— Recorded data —

○ ○ ○

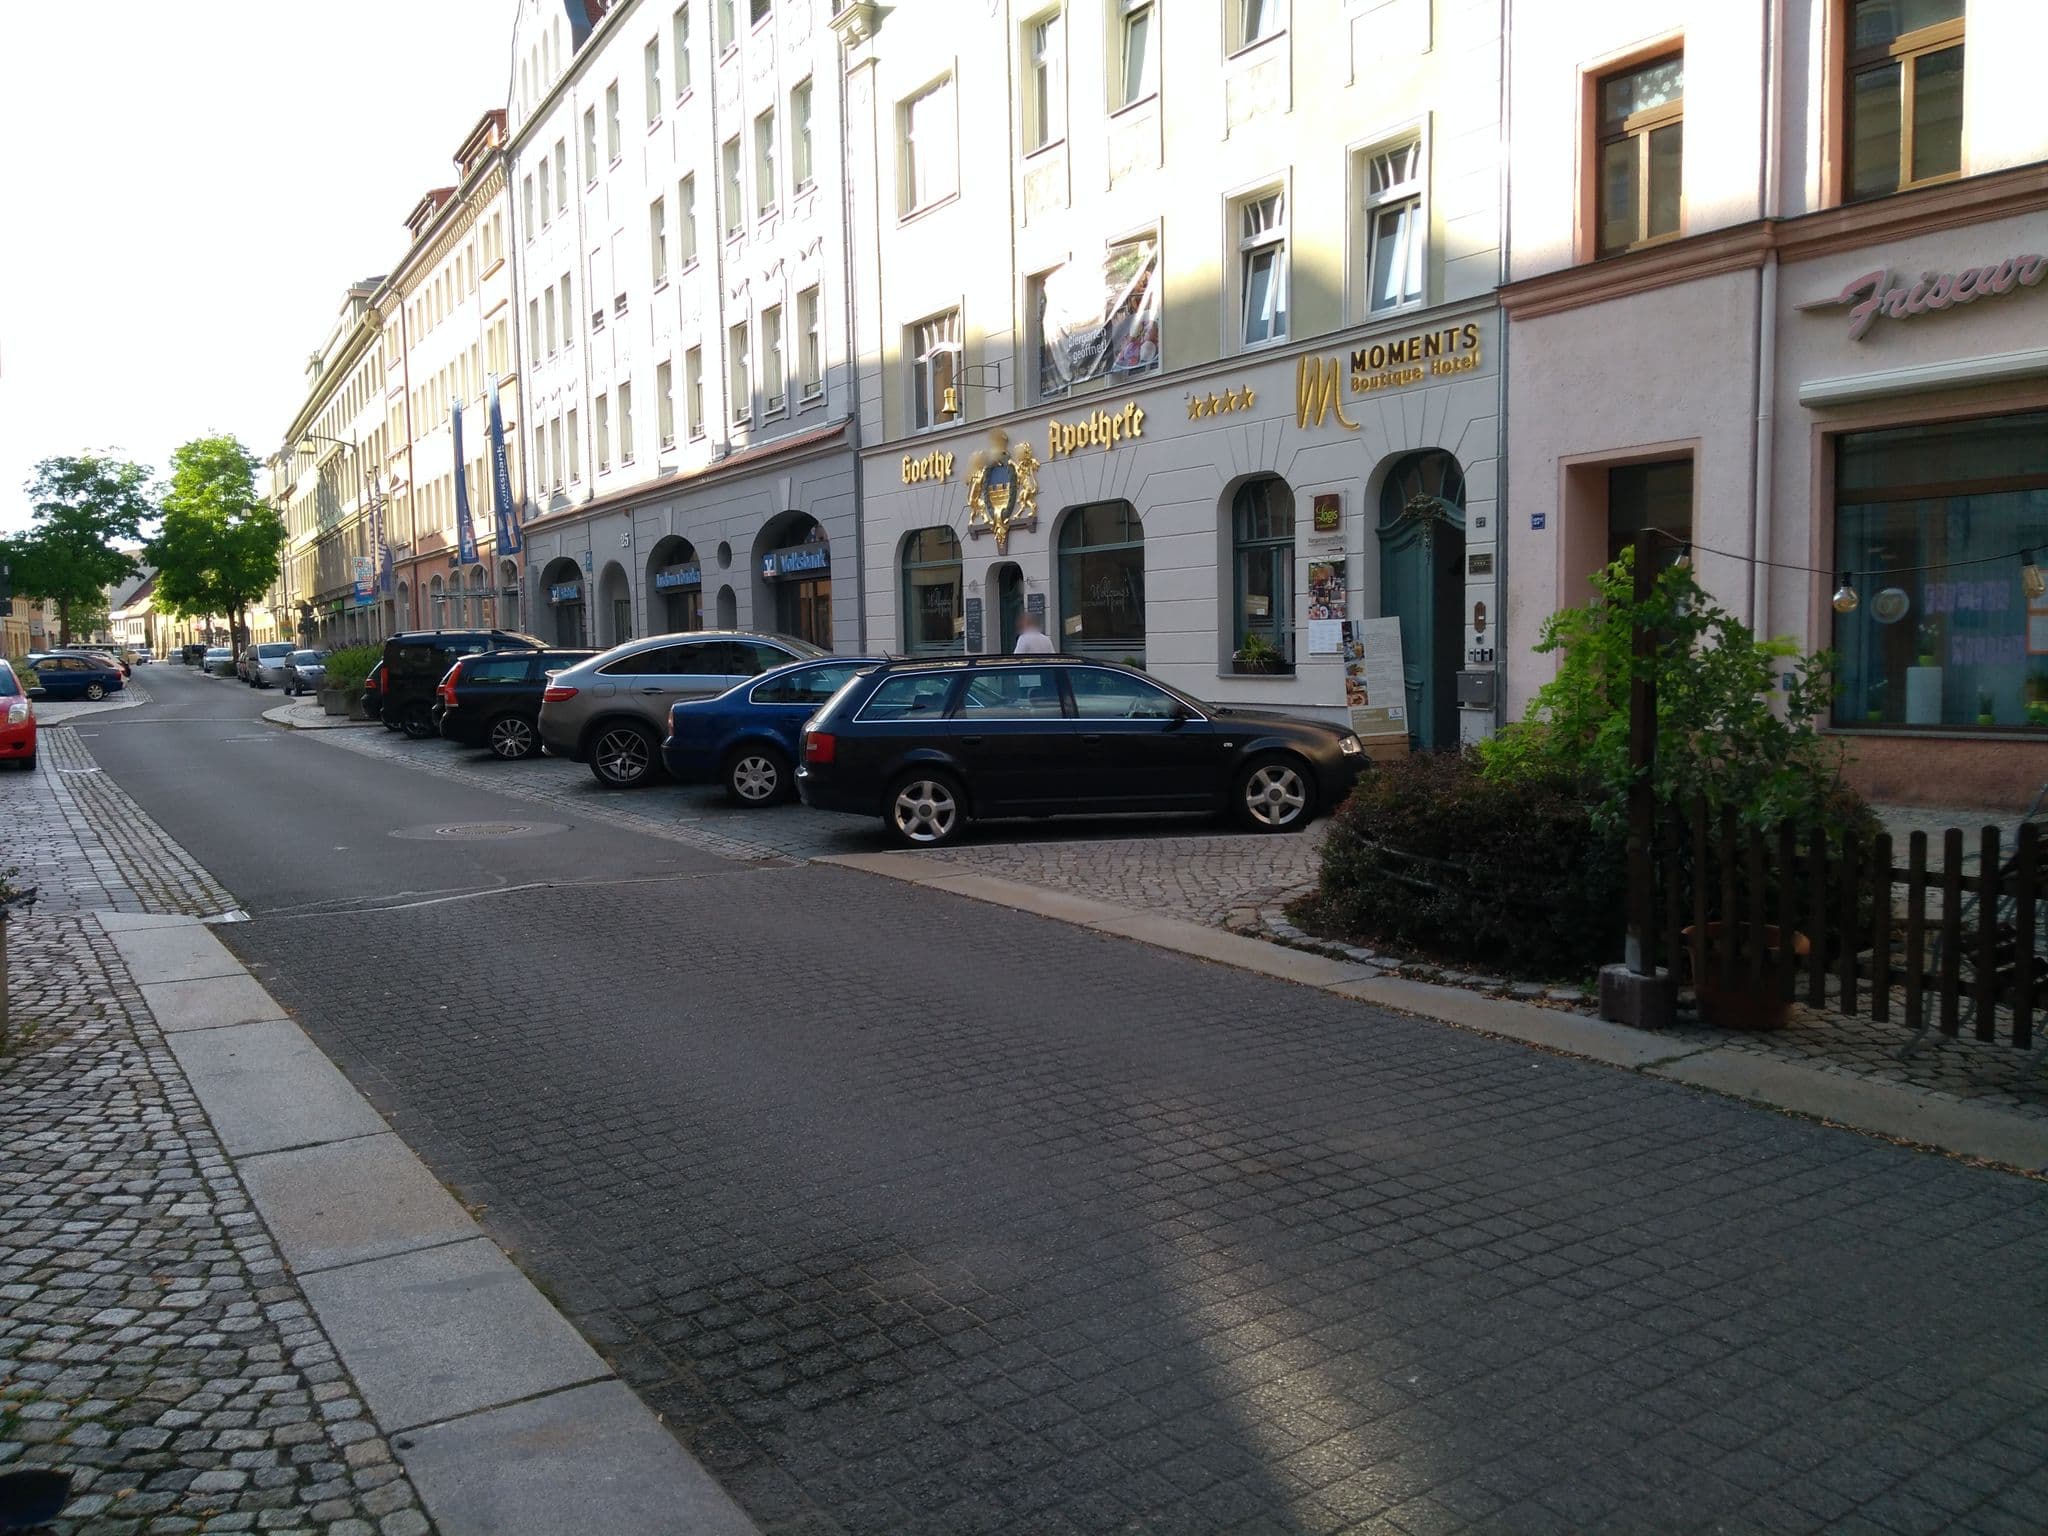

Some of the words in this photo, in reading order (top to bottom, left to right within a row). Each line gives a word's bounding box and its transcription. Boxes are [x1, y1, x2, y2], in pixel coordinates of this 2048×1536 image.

[1793, 254, 2048, 340] Friseur
[1351, 323, 1479, 374] MOMENTS
[1351, 366, 1424, 392] Boutique
[1431, 351, 1480, 376] Hotel
[901, 449, 955, 484] Goethe
[1048, 401, 1146, 461] Apotheke
[620, 533, 630, 548] 25
[781, 547, 827, 573] Volksbank

○ ○ ○

— Required action —
Your task is to restate every record word for word. Omit all pictures.

— Exercise response —
Some of the words in this photo, in reading order (top to bottom, left to right within a row). Each line gives a word's bounding box and its transcription. Boxes are [x1, y1, x2, y2], in pixel coordinates of this 2048×1536 image.

[1793, 254, 2048, 340] Friseur
[1351, 323, 1479, 374] MOMENTS
[1351, 366, 1424, 392] Boutique
[1431, 351, 1480, 376] Hotel
[901, 449, 955, 484] Goethe
[1048, 401, 1146, 461] Apotheke
[620, 533, 630, 548] 25
[781, 547, 827, 573] Volksbank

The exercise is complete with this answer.